**Required action**: Your answer must be the records below, printed exactly.

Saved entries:
==========

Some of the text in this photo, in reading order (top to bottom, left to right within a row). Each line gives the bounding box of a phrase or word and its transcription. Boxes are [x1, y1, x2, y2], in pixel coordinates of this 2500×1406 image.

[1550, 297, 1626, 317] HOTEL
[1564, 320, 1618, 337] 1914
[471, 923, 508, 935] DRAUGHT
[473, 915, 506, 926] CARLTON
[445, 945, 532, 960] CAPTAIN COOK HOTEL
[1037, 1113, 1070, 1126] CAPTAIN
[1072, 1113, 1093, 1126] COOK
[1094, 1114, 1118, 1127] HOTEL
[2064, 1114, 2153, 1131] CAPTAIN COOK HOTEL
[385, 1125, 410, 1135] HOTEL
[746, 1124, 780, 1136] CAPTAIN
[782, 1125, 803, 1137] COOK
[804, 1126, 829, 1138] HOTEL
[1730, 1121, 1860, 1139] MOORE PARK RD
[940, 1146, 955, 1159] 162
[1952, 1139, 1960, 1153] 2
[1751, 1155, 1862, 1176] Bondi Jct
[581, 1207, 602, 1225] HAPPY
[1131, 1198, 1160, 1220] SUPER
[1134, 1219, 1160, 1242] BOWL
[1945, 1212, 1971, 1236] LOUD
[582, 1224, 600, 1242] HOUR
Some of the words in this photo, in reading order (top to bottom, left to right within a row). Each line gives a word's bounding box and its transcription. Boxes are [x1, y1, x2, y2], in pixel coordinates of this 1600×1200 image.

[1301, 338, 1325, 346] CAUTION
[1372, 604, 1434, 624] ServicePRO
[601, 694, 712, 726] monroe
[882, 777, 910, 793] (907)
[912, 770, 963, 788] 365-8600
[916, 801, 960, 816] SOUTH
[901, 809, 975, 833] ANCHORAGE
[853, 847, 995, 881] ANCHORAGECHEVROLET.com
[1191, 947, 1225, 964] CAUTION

==========

**Solved exercise**:
Some of the text in this photo, in reading order (top to bottom, left to right within a row). Each line gives the bounding box of a phrase or word and its transcription. Boxes are [x1, y1, x2, y2], in pixel coordinates of this 2500×1406 image.

[1550, 297, 1626, 317] HOTEL
[1564, 320, 1618, 337] 1914
[471, 923, 508, 935] DRAUGHT
[473, 915, 506, 926] CARLTON
[445, 945, 532, 960] CAPTAIN COOK HOTEL
[1037, 1113, 1070, 1126] CAPTAIN
[1072, 1113, 1093, 1126] COOK
[1094, 1114, 1118, 1127] HOTEL
[2064, 1114, 2153, 1131] CAPTAIN COOK HOTEL
[385, 1125, 410, 1135] HOTEL
[746, 1124, 780, 1136] CAPTAIN
[782, 1125, 803, 1137] COOK
[804, 1126, 829, 1138] HOTEL
[1730, 1121, 1860, 1139] MOORE PARK RD
[940, 1146, 955, 1159] 162
[1952, 1139, 1960, 1153] 2
[1751, 1155, 1862, 1176] Bondi Jct
[581, 1207, 602, 1225] HAPPY
[1131, 1198, 1160, 1220] SUPER
[1134, 1219, 1160, 1242] BOWL
[1945, 1212, 1971, 1236] LOUD
[582, 1224, 600, 1242] HOUR
Some of the words in this photo, in reading order (top to bottom, left to right within a row). Each line gives a word's bounding box and its transcription. Boxes are [x1, y1, x2, y2], in pixel coordinates of this 1600×1200 image.

[1301, 338, 1325, 346] CAUTION
[1372, 604, 1434, 624] ServicePRO
[601, 694, 712, 726] monroe
[882, 777, 910, 793] (907)
[912, 770, 963, 788] 365-8600
[916, 801, 960, 816] SOUTH
[901, 809, 975, 833] ANCHORAGE
[853, 847, 995, 881] ANCHORAGECHEVROLET.com
[1191, 947, 1225, 964] CAUTION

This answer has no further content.